Choosing a Model
Amidst the flood of models that are being released every week, it is difficult to choose the right model – especially since you will not only have to take into account the overall model quality, but the performance of your computer as well. You will not be able to run a 10 GB large model on a computer that only has 4 GB of RAM. (Well, you will be able to, but the generation will simply be unacceptably slow and frustrating.)
In this guide, we collect a few rules of thumb that you can use to roughly decide which model variant to use. Note that the model performance and the fact whether or not you can run a model depends on many factors, so none of these rules should be seen as absolute. Your mileage may vary.
Finding Models
Finding models requires a little bit of research. This guide contains a list with a few recommended models.
Unless you have an industry-standard GPU such as a P40 or even an A100, you will probably have to use quantized versions of the models. Luckily, most GGUF-files contain quantized models, not the full ones. At the time of writing, the most prolific quantizer is “TheBloke” on Huggingface. If you visit https://huggingface.co/models?sort=trending&search=gguf, you will see all models in GGUF format, and likely many by “TheBloke”.
If you now visit, e.g., TheBloke’s quantized OpenChat 3.5 model, you will see the model’s README file (model card). “TheBloke” is a good source for models, since they always include a table of all quantized files including a description of how much the quantization has impacted their performance. Other providers may not include such a description, but with a little bit of experience, it should be easy to judge which quantization method has which effects.
Full model vs. quantized model
The most fundamental aspect to think about is whether to run a full or a quantized model. For the better or worse, you won’t have to think about this too much, since the full models often do not come in the GGUF format and thus will not work with LocalChat. Additionally, most models will be too heavy for the average computer (which is the use-case LocalChat has been developed for).
Luckily, there is a method that can be used to dramatically reduce the size of generative models: quantization. In a nutshell, quantization reduces the precision of the model weights, which research has shown has little impact on the performance of the model if done right. There are many different types of quantization with different effects on performance, so it is crucial to choose the best quantization that still will work on your computer.

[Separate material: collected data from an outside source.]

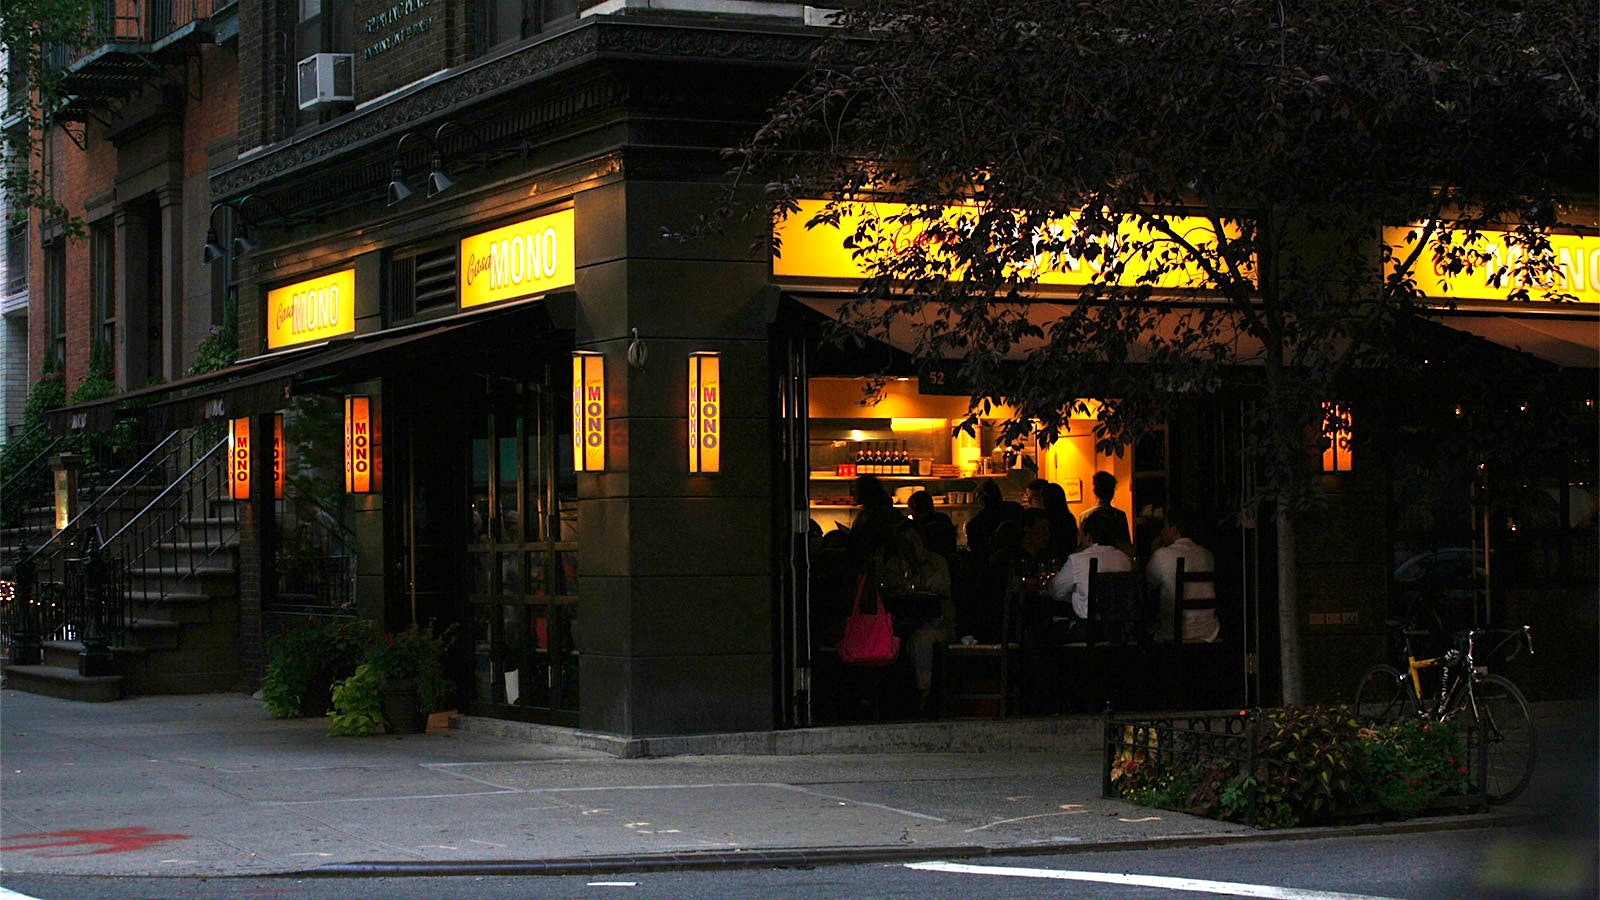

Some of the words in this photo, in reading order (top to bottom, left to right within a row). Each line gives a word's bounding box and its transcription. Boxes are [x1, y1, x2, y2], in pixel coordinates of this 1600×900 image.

[466, 253, 491, 286] Casa
[490, 225, 557, 292] MONO
[292, 283, 339, 336] MONO
[930, 371, 945, 385] 52
[587, 386, 602, 448] MONO
[703, 387, 718, 449] MONO
[237, 437, 248, 482] MONO
[355, 422, 368, 473] MONO

Essentially, what quantization will do is the following: each model generates text by performing billions of small calculations in the form y = mx + b
, where m
and b
are floating-point numbers (i.e., 0.1452344
). During training, these numbers have many digits after the period, and each digit that you save naturally costs you space. During quantization, you basically “chop off” most of these digits and turn, e.g., 0.1452344
into just 0.145
.
Of course, the more digits you chop off, the worse the model will perform, so the first rule of thumb is: Choose the quantization that gives you the largest model that will still fit into your computer’s RAM. At the time of writing, the best allrounder-method of quantization is Q4_K_M
, but this may change. Especially for very large models, this quantization method will still produce models that are too large, in which case you can try out a more heavily quantized model. If the performance becomes too bad, however, it may be that you need to look for an alternative model.
Context size
The second aspect you should consider and which will also influence the overall model size that you will be able to use is context size. The context is the text that the model has access to while it generates its response. In the context of LocalChat, this means: all previous messages. The larger the context, the more previous messages the model can have access to, but also the more RAM will be required to run it.

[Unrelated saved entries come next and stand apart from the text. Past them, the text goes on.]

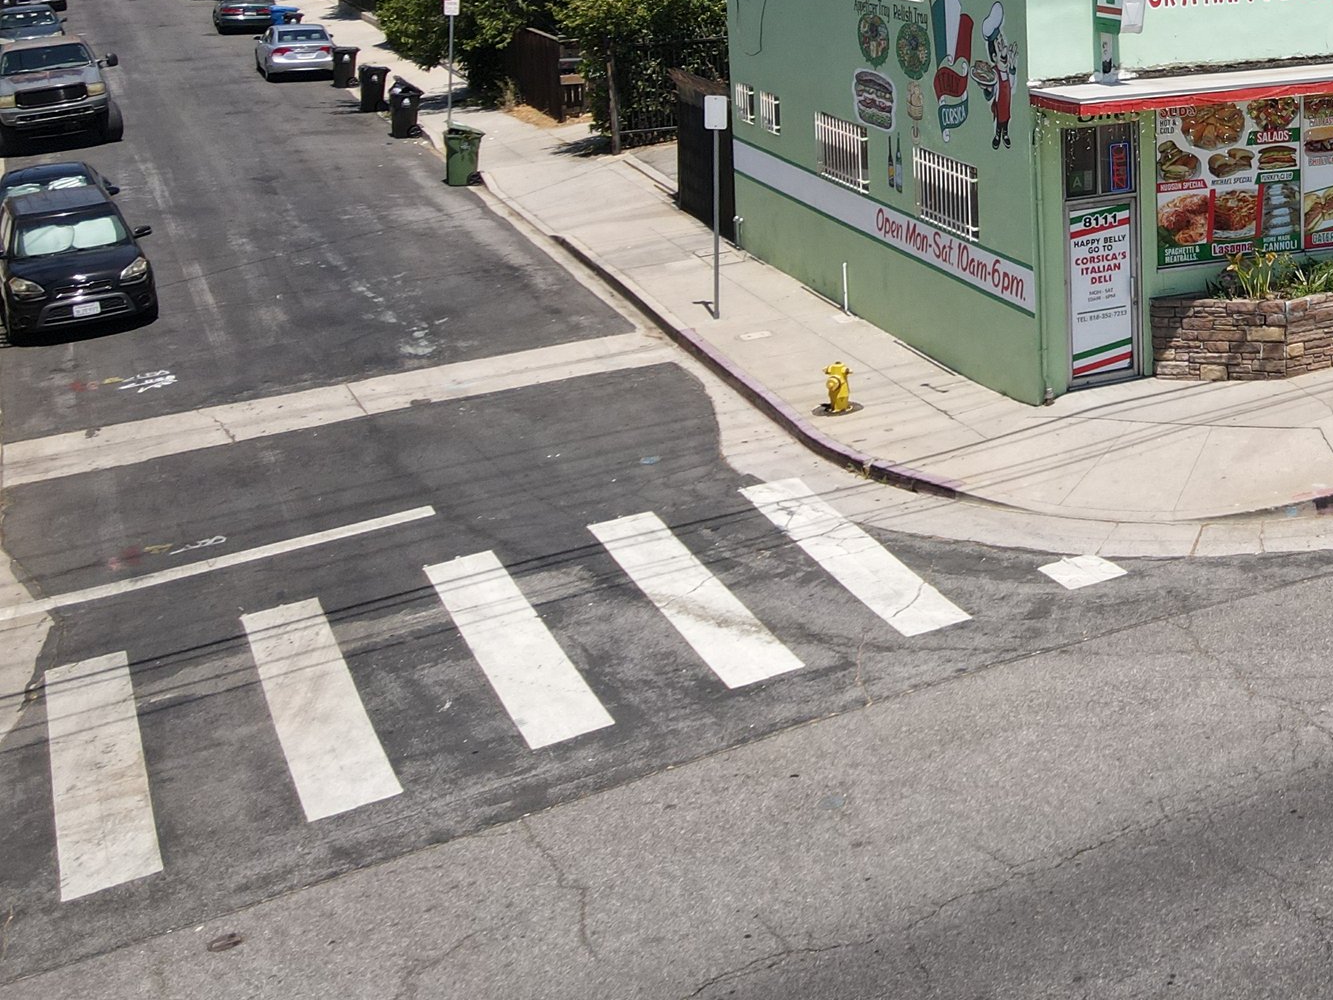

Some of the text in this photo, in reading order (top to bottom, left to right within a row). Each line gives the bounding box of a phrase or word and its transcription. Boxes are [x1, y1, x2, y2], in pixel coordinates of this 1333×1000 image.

[941, 105, 966, 126] CORSICA
[1257, 131, 1289, 143] SALADS
[1182, 180, 1204, 189] SPECIAL
[876, 207, 903, 241] Open
[1083, 213, 1117, 228] 8111
[1073, 234, 1126, 248] HAPPY BELLY
[1263, 240, 1297, 252] CANNOLI
[1088, 244, 1113, 254] GO TO
[1164, 246, 1195, 255] SPAGHETTI
[1212, 242, 1253, 256] Lasagna
[1075, 251, 1127, 266] CORSICA'S
[1081, 263, 1121, 276] ITALIAN
[1090, 274, 1112, 285] DELI

Due to design limitations, generative AI has a fixed maximum context length, it cannot process more tokens than the length of its context. This means that, if you have an especially long conversation, the model cannot see all previous messages, since a few will have to be removed from the context for the model to generate more tokens. Effectively, the context size is the model’s memory, and if it has to “remember” too many things, it will “forget” some.
Context size is always expressed in “tokens”, where a token is a part of a word. A common rule of thumb says that one word equals ~0.75 tokens. This means that a context size of 1,024 tokens corresponds to about 768 words, so two full pages of text. If the conversation is longer than that, the model must remove previous messages to generate a new response.
If you only ask a single question and then remove a conversation, a context size of as small as 512 tokens (~384 words) may be sufficient, but for longer conversations, you will need to have longer context sizes.
I have found that, on a MacBook M2 Pro 14’’ with 16 GB of shared memory, the recommended models will all work with a context size of either 1,024 or 2,048 tokens, so a maximum of 1,500 words (~4 pages of text). If I increase the context size, the library will crash since it cannot reserve so much memory. If you have 32 GB of shared memory, you will likely be able to double this. But, if you want to run larger models than the recommended ones, you may be able to do so if you reduce the context size further.
As mentioned, these considerations are just rules of thumb and not fixed, so depending on what computer you have, you may be able to run larger models, or smaller ones. Also, if you run something that also needs the GPU, such as a Zoom call or watching a YouTube video, the text generation may become slower since it cannot access as much memory as it needs to generate new text fast.